Cohen, Weiss and Simon LLP, New York (Hanan B. Kolko of counsel), for appellants.
Advocates for Justice, Chartered Attorneys, New York (Arthur Z. Schwartz of counsel), for respondents.
Webber, J.P., Oing, Gonza´lez, Scarpulla, Rodriguez, JJ.
Amended order, Supreme Court, New York County (Lyle E. Frank, J.), entered June 17, 2022, which granted petitioners’ petition to enjoin respondents from holding the duly scheduled election for respondent Local 983, Motor Vehicle Operators Union, American Federation of State, County and Municipal Employees and directed respondents to provide a plan, to be reviewed by petitioners, for a future election within 30 days, unanimously reversed, on the law, without costs. and the petition dismissed.

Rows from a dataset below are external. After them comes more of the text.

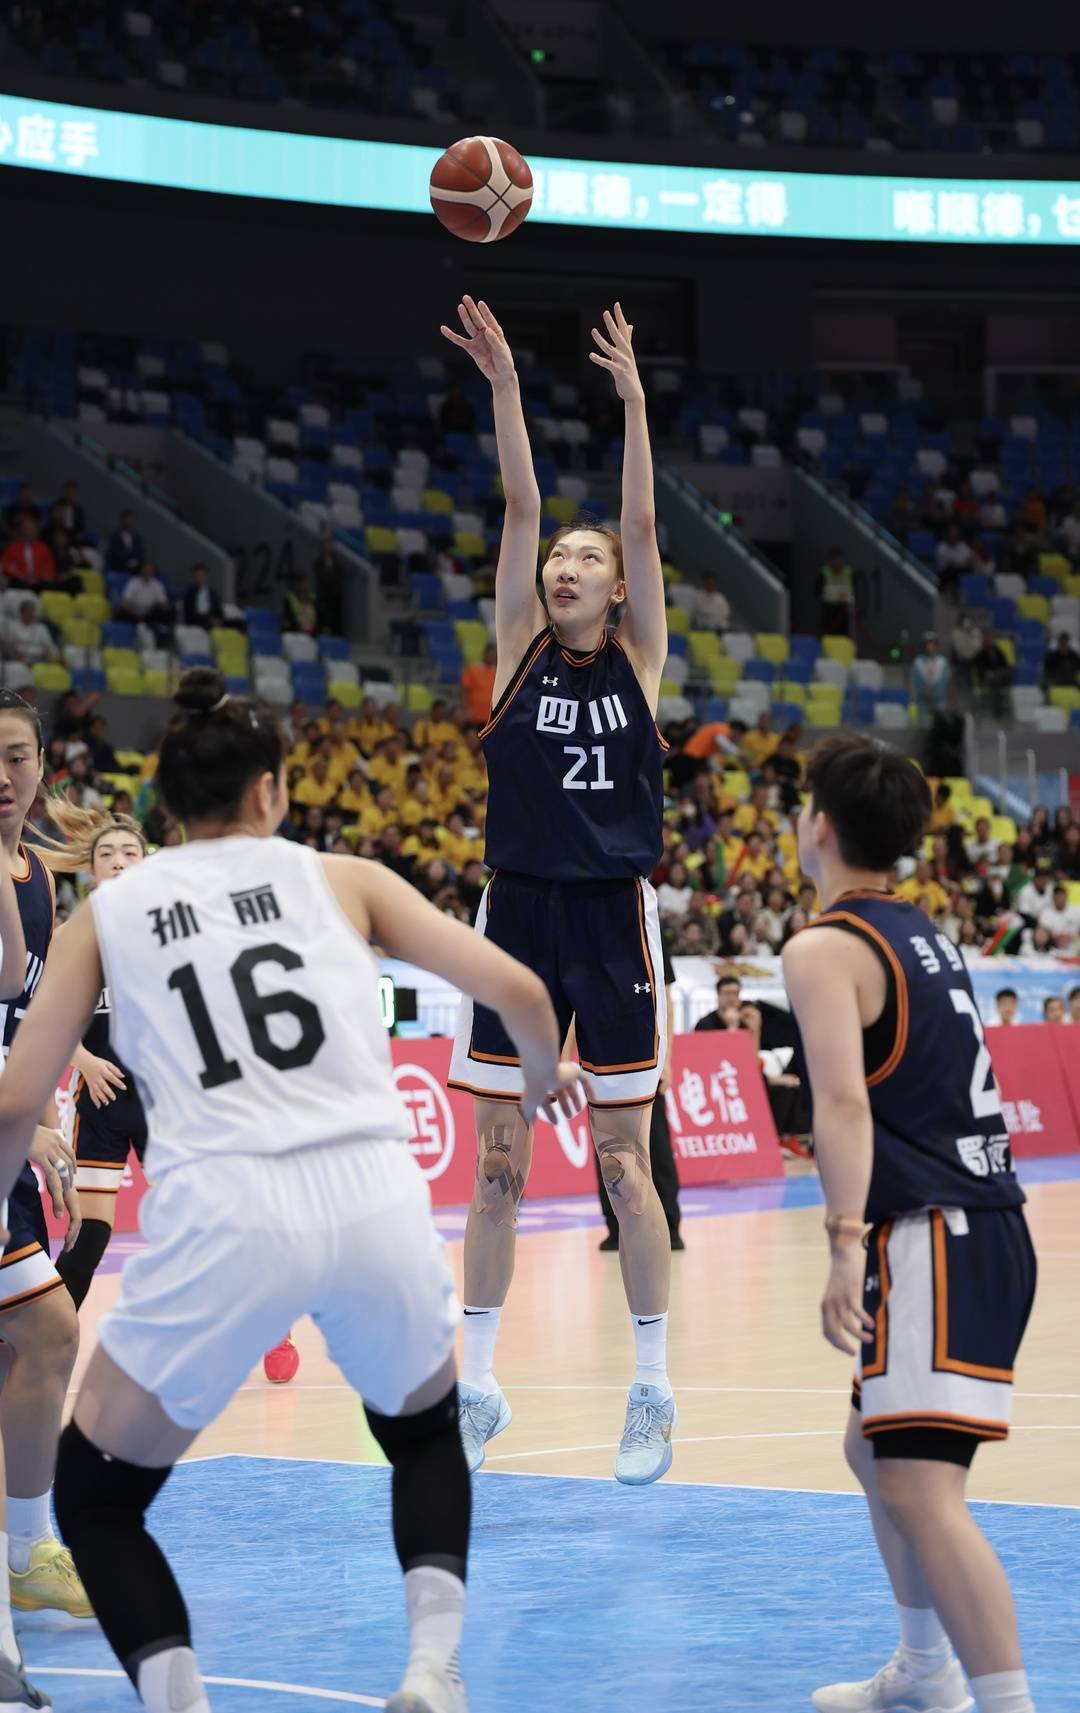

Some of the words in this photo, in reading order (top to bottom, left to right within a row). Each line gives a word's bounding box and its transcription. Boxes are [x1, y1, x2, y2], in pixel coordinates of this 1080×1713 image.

[536, 694, 628, 735] 四川
[562, 745, 614, 790] 21
[167, 942, 326, 1089] 16
[664, 1059, 749, 1134] 电信
[676, 1132, 758, 1159] TELECOM
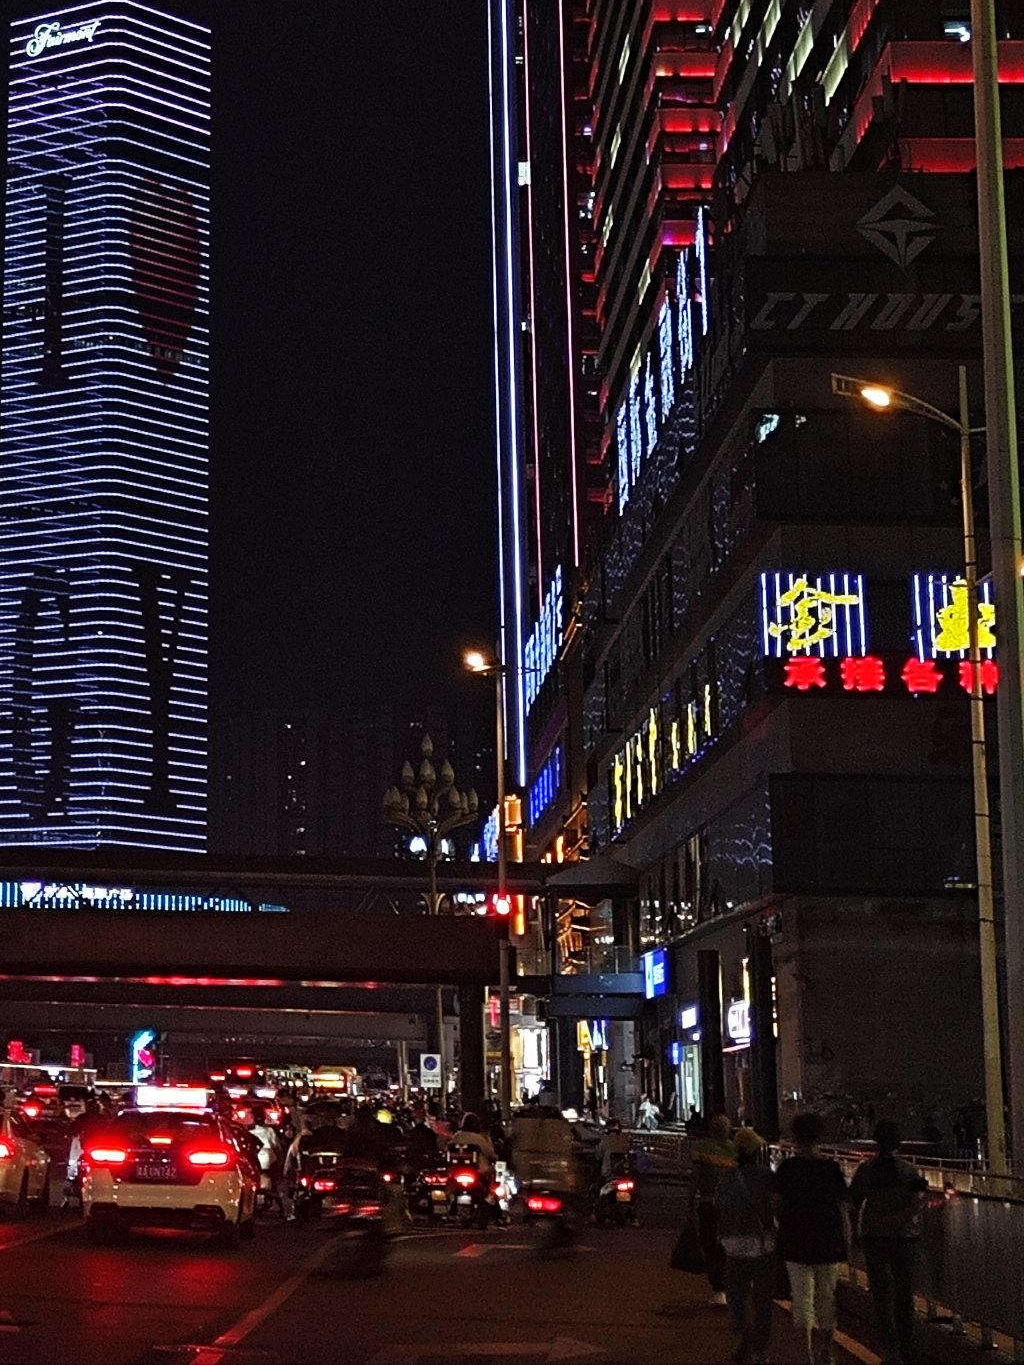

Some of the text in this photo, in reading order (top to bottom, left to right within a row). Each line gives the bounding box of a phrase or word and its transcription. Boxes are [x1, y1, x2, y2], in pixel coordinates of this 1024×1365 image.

[25, 20, 102, 58] Fairmont
[749, 291, 1024, 331] CT HOUS

Supreme Court improvidently exercised its discretion to enjoin respondents from proceeding with their scheduled election. The petition alleged that respondents failed to conduct the election in accordance with the constitutions of Local 983 and the American Federation of State, County and Municipal Employees (AFSCME), and in accordance with AFSCME's election manual. However, as Local 983 is an unincorporated association, the petition fails because it does not plead " ‘that each individual union member authorized or ratified the [allegedly] unlawful actions’ " ( Matter of Agramonte v. Local 461, Dist. Council 37, Am. Fedn. of State County & Mun. Empls., 209 A.D.3d 478, 478–479, 176 N.Y.S.3d 626 [1st Dept. 2022], quoting Charter Communications, Inc. v. Local Union No. 3, 166 A.D.3d 468, 469, 85 N.Y.S.3d 770 [1st Dept. 2018] ; see also General Associations Law § 13 ). We decline to disregard this requirement, which was first articulated in Martin v. Curran , 303 N.Y. 276, 282, 101 N.E.2d 683 (1951).

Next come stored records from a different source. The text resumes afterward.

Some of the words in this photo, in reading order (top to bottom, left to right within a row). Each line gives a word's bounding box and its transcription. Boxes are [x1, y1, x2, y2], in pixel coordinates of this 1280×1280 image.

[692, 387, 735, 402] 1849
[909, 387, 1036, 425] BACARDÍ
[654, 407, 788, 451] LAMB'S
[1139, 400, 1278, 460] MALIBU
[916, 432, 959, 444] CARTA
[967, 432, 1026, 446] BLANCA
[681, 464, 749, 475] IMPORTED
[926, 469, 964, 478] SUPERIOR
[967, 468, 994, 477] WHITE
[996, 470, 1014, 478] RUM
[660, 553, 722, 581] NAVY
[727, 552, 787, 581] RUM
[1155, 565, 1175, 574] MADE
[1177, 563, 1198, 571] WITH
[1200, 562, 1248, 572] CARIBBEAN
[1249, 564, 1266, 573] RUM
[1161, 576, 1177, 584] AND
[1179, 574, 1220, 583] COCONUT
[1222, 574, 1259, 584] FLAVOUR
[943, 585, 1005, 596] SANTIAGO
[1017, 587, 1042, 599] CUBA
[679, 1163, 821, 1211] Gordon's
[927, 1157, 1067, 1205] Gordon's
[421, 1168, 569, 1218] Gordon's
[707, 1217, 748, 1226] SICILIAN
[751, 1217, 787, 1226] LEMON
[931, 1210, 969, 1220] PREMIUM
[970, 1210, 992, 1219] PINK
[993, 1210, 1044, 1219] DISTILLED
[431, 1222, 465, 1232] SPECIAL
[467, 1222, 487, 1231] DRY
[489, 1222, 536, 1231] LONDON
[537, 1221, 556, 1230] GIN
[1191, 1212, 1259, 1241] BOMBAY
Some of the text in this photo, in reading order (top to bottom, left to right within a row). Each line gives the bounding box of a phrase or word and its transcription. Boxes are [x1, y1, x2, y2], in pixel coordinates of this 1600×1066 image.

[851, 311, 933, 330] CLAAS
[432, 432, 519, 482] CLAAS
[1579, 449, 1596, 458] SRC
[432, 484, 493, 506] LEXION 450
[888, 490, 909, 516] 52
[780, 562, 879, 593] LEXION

In any event, even had the Martin requirement not applied, petitioners failed to exhaust their contractual remedies before bringing this action (see Matter of People Care Inc. v. City of N.Y. Human Resources Admin., 89 A.D.3d 515, 516, 933 N.Y.S.2d 218 [1st Dept. 2011] ). AFSCME's constitution prohibits members from instituting a civil action without first availing themselves of the remedies in its constitution, which provides a procedure to challenge the conduct of an election so that a protesting party has an opportunity to be heard. Furthermore, according to the provisions of AFSCME's constitution, petitioners may appeal an adverse determination to a judicial panel, then to a full judicial panel, and then again to an international convention. The constitution also gives the union the authority to set aside an election outcome and hold a new election upon a finding of a violation. Petitioners have not advanced a sufficient reason to excuse them from exhausting that remedial process (see Clayton v. International Union, United Auto., Aerospace, and Agric. Implement Workers of Am., 451 U.S. 679, 689, 101 S.Ct. 2088, 68 L.Ed.2d 538 [1981] ).
We have considered petitioners’ remaining arguments and find them unavailing.